Re: Note describing poor dcache utilization under high memory pressure

Oliver Xymoron (oxymoron@waste.org)
Tue, 29 Jan 2002 17:02:36 -0600 (CST)


On Tue, 29 Jan 2002, Daniel Phillips wrote:

> > I think it goes something like this:
> >
> > fork:
> > detach page tables from parent
> > retain pointer to "backing page tables" in parent and child
> > update use count in page tables
> > "prefault" tables for current stack and instruction pages in both parent
> > and child
> >
> > page fault:
> > if faulted on page table:
> > look up backing page tables
> > if use count > 1: copy, dec use count
> > else: take ownership
> >
> > > Before you sink a lot of time into it though, you might add up the actual
> > > overhead you're worried about above, and see if it moves the needle in a real
> > > system.
> >
> > I'm pretty sure something like the above does signficantly less work in
> > the fork/exec case, which is the important one.
>
> With fork/exec, for each page table there are two cases:
>
> - The parent instantiated the page table. In this case the extra work to
> set the ptes RO (only for CoW pages) is insignificant.

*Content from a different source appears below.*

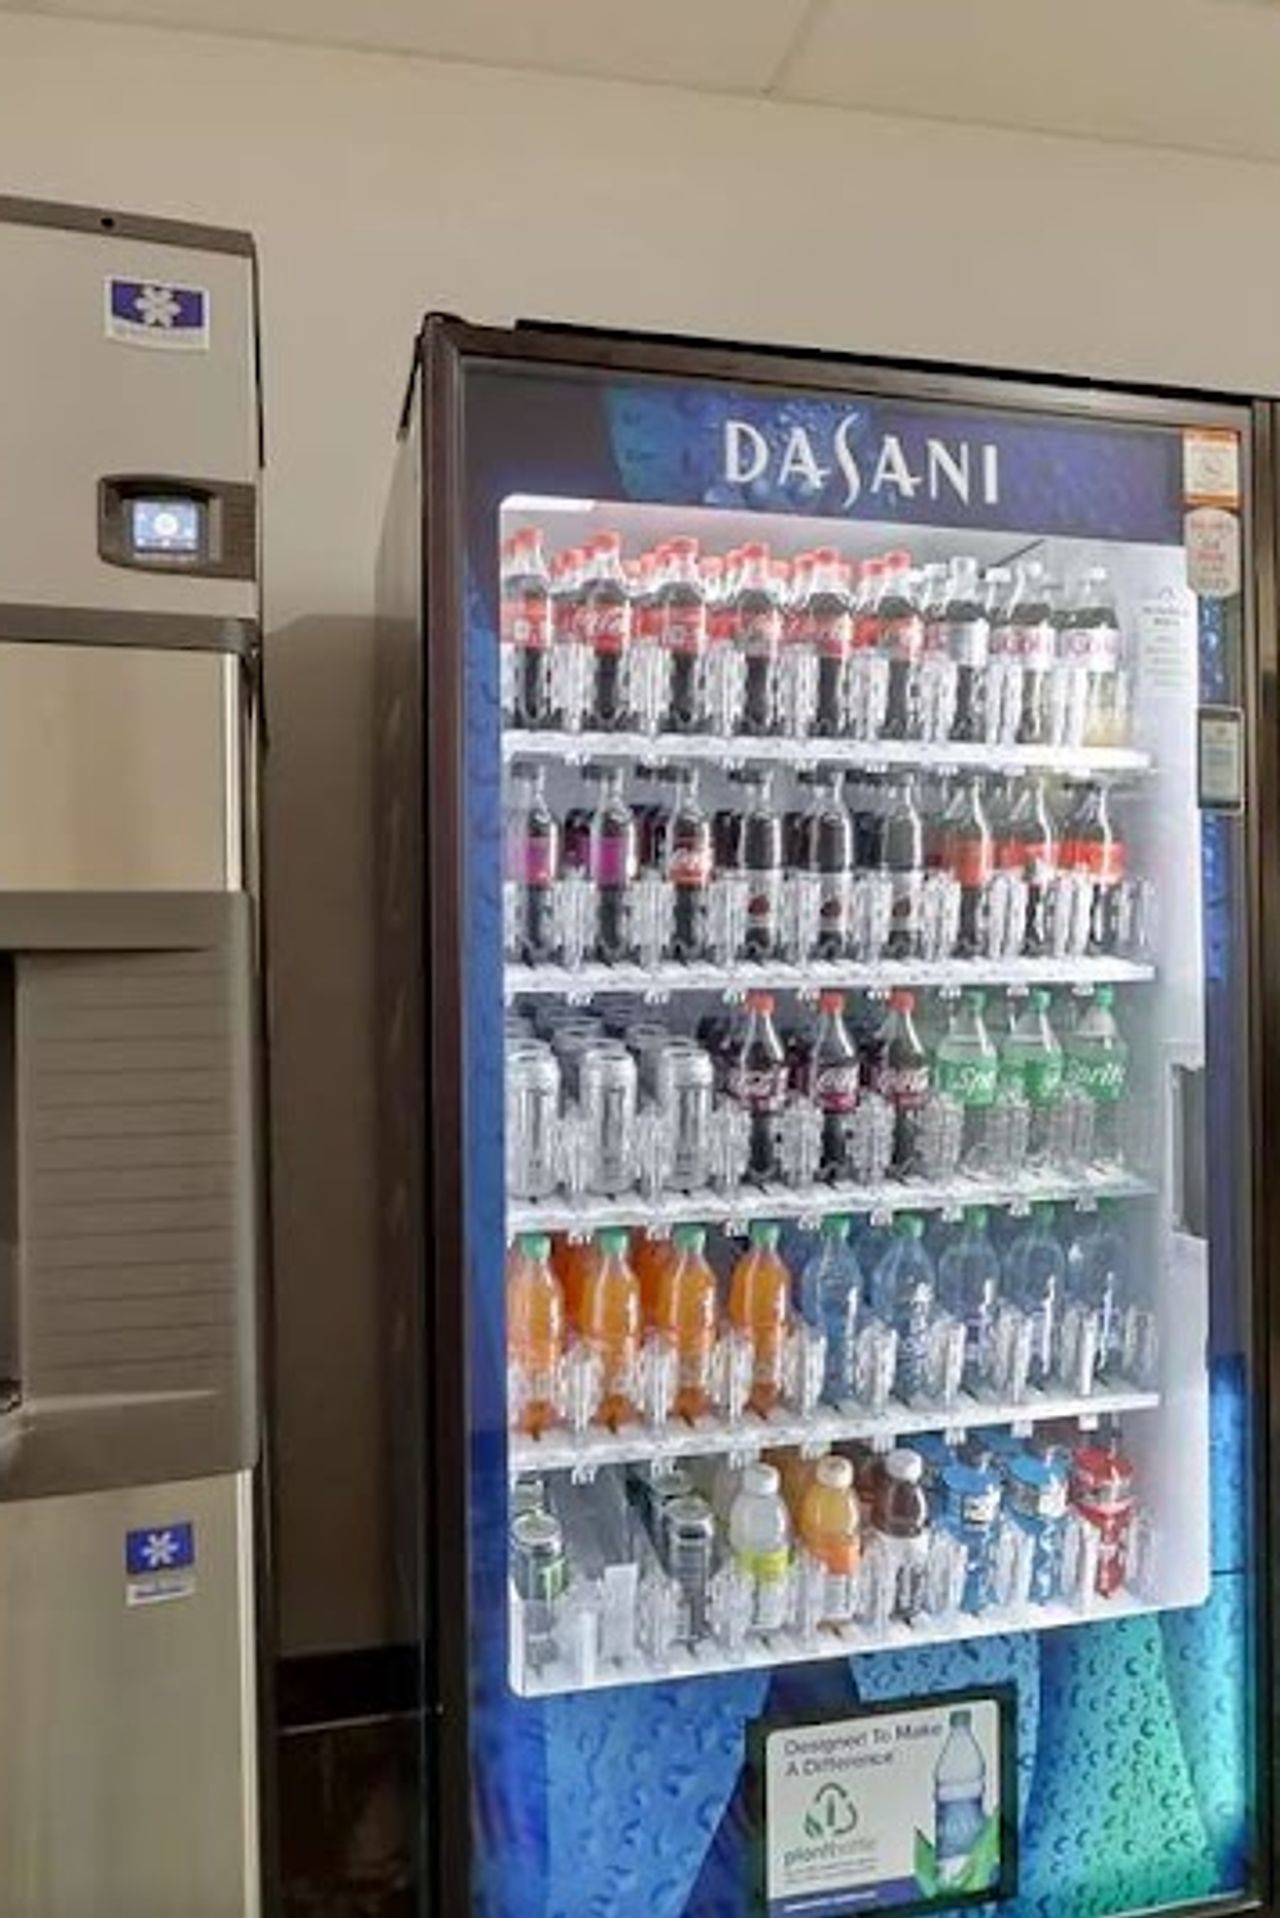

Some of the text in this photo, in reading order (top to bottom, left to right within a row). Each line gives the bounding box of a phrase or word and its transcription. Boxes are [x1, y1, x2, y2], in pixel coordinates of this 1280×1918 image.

Marking the page table entries rather than the page directory entries
read-only is a lot of work on a large process. And it doesn't make a lot
of sense for a large process that wants to fork/exec something tiny. In
fact, I'm slightly worried about the possible growth of the page
directories on really big boxes. Detaching the entire mm is comparatively
cheap and doesn't grow with process size.

> - The parent is still sharing the page table with its parent and so the
> ptes are still set RO.

Fork/exec is far and away the most common case, and the fork/fork case is
rare enough that it's not even worth thinking about.

-- 
 "Love the dolphins," she advised him. "Write by W.A.S.T.E.."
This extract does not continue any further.